This is not to suggest that a forfeiture is an inappropriate remedy for the breach of all land contracts. In the case of an abandoning, absconding vendee, forfeiture is a logical and equitable remedy. Forfeiture would also be appropriate where the vendee has paid a minimal amount on the contract at the time of default and seeks to retain possession while the vendor is paying taxes, insurance, and other upkeep in order to preserve the premises. Of course, in this latter situation, the vendee will have acquired very little, if any, equity in the property. However, a court of equity must always approach forfeitures with great caution, being forever aware of the possibility of inequitable dispossession of property and exorbitant monetary loss. We are persuaded that forfeiture may only be appropriate under circumstances in which it is found to be consonant with notions of fairness and justice under the law. (Emphasis in original).

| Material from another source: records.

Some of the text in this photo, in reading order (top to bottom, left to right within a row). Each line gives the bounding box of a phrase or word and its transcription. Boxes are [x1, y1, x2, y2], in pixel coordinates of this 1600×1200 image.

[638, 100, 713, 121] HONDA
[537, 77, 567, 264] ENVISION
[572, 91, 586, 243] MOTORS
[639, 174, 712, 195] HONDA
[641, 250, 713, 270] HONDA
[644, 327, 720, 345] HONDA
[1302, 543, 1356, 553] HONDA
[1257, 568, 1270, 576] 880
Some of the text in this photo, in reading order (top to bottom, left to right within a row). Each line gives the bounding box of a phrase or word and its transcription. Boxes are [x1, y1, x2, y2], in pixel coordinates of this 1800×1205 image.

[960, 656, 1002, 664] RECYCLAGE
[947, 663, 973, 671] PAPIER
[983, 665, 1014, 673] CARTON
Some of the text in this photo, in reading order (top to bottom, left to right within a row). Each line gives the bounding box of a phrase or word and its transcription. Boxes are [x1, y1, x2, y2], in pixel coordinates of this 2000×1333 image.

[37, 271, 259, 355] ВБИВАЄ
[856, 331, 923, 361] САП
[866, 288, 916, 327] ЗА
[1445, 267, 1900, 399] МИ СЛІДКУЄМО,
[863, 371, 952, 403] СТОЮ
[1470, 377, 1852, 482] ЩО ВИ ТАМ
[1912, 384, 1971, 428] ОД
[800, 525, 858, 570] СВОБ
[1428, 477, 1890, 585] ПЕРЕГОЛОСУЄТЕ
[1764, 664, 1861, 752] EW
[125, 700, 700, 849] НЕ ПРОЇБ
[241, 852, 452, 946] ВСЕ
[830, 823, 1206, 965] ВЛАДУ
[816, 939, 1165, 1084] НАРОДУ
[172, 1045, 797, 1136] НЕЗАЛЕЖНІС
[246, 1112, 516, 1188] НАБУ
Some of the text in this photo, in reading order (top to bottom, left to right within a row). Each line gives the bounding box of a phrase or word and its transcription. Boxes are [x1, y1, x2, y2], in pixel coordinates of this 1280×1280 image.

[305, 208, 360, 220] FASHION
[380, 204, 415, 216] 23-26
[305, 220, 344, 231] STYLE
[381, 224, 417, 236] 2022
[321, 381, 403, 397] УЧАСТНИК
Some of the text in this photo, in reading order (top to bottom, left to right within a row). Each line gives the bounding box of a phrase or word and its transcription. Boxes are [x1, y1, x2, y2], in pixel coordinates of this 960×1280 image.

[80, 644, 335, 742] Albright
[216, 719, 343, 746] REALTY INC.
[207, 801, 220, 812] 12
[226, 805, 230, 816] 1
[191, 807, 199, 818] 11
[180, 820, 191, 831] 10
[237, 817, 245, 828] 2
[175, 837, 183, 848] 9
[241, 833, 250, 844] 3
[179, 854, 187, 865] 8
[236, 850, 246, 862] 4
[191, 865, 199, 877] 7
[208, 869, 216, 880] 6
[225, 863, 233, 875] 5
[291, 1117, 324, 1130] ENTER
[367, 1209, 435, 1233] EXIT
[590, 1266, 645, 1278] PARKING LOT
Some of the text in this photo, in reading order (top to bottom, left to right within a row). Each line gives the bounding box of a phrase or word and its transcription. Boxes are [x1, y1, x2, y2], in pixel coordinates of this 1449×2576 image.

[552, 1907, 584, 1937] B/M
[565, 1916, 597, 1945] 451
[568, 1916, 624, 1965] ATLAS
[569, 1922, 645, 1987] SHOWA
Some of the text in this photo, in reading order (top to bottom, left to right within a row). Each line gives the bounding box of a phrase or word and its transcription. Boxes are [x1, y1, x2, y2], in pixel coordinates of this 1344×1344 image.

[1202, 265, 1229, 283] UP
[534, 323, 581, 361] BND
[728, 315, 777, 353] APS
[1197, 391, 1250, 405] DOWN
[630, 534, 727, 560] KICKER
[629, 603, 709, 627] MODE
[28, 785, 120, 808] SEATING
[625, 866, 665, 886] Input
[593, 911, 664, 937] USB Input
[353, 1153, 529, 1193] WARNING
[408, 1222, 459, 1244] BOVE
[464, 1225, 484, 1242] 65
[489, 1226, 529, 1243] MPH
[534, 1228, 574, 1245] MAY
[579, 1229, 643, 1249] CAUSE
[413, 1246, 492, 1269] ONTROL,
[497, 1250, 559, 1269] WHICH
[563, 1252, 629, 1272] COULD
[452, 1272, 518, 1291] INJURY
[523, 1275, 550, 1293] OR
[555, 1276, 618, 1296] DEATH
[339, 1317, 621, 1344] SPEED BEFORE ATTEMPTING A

261 Ind. at 240-241, 301 N.E.2d at 650.

These limited exceptions which permit forfeiture have been previously recognized by this court in Tidd v. Stauffer (1974), 159 Ind. App. 570, 308 N.E.2d 415; Goff v. Graham (1974), 159 Ind. App. 324, 306 N.E.2d 758; and Donaldson v. Sellmer (1975), 166 Ind. App. 60, 333 N.E.2d 862. In both Goff and Donaldson, forfeitures of land sale contracts were upheld and damages were granted on the basis of evidence showing: insurance coverage was not procured nor premiums paid, contract payments were not paid, and the purchasers committed waste on the premises. The evidence in the case at bar discloses similar facts: the purchasers failed to pay the monthly installments after April, 1972, they failed to obtain and pay for insurance, they failed to pay Tonopah’s obligations to creditors, they abandoned the operation of the tavern business on the premises, and the premises sustained damages during their possession.

From the evidence, the trial court could reasonably infer that purchasers’ lack of performance constituted a material breach (see Goff, supra), that a resumption of obligations by either purchasing party was unlikely, and that the Finley’s were “abandoning, absconding vendee[s]”.

Finley also urges us to consider that the amounts already paid have established a substantial equity in the purchasers. Where an “exorbitant monetary loss” will be occasioned by loss of possession and a forfeiture of payments, Skendzel cautions against the use of the forfeiture remedy. Fisel v. Yoder (1974), 162 Ind. App. 565, 320 N.E.2d 783; Bartlett v. Wise (1976), 169 Ind. App. 125, 348 N.E.2d 652.

The record lacks evidence indicating the actual amounts paid. However, assuming the payments were made as required until the breach, the down payment and the installment payments (beginning on June 17, and July 1,1971, through April 1,1972) which total $6,893.40, constitute 30.2 per cent of the $22,815.98 total to be paid to the seller and on the mortgage under the contract.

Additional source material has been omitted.